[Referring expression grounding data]
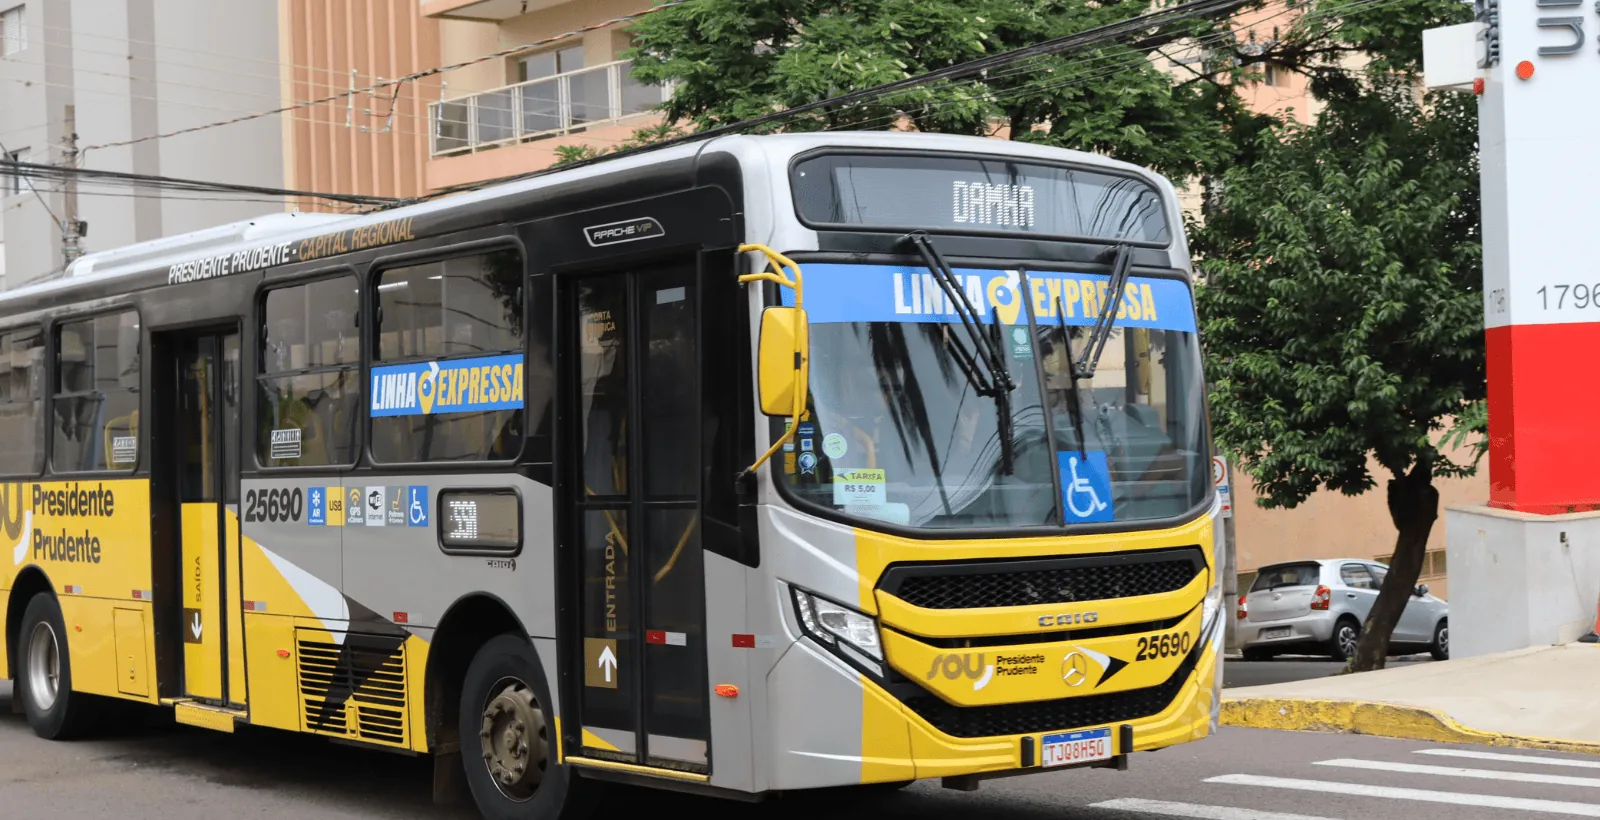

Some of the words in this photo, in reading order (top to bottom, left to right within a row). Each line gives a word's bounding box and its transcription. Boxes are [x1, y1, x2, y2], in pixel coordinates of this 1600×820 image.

[953, 181, 1034, 226] DAMHA
[594, 225, 635, 240] APACHE
[636, 222, 652, 233] VIP
[168, 254, 232, 284] PRESIDENTE
[231, 241, 292, 273] PRUDENTE
[300, 231, 347, 261] CAPITAL
[351, 217, 415, 249] REGIONAL
[372, 372, 416, 410] LINHA
[437, 363, 524, 406] EXPRESSA
[850, 472, 882, 481] TARIFA
[32, 482, 114, 517] Presidente
[245, 487, 302, 522] 25690
[329, 501, 342, 511] USB
[350, 507, 361, 516] GPS
[312, 508, 320, 517] AR
[33, 529, 100, 564] Prudente
[605, 530, 616, 632] ENTRADA
[1038, 612, 1098, 626] CAIO
[996, 653, 1045, 664] Presidente
[1136, 631, 1190, 662] 25690
[996, 665, 1038, 676] Prudente

§ WHAT THE TASK REQUIRES
Every record, word for word, should be given back without its pictures.

§ RESULT BELOW
Some of the words in this photo, in reading order (top to bottom, left to right within a row). Each line gives a word's bounding box and its transcription. Boxes are [x1, y1, x2, y2], in pixel coordinates of this 1600×820 image.

[953, 181, 1034, 226] DAMHA
[594, 225, 635, 240] APACHE
[636, 222, 652, 233] VIP
[168, 254, 232, 284] PRESIDENTE
[231, 241, 292, 273] PRUDENTE
[300, 231, 347, 261] CAPITAL
[351, 217, 415, 249] REGIONAL
[372, 372, 416, 410] LINHA
[437, 363, 524, 406] EXPRESSA
[850, 472, 882, 481] TARIFA
[32, 482, 114, 517] Presidente
[245, 487, 302, 522] 25690
[329, 501, 342, 511] USB
[350, 507, 361, 516] GPS
[312, 508, 320, 517] AR
[33, 529, 100, 564] Prudente
[605, 530, 616, 632] ENTRADA
[1038, 612, 1098, 626] CAIO
[996, 653, 1045, 664] Presidente
[1136, 631, 1190, 662] 25690
[996, 665, 1038, 676] Prudente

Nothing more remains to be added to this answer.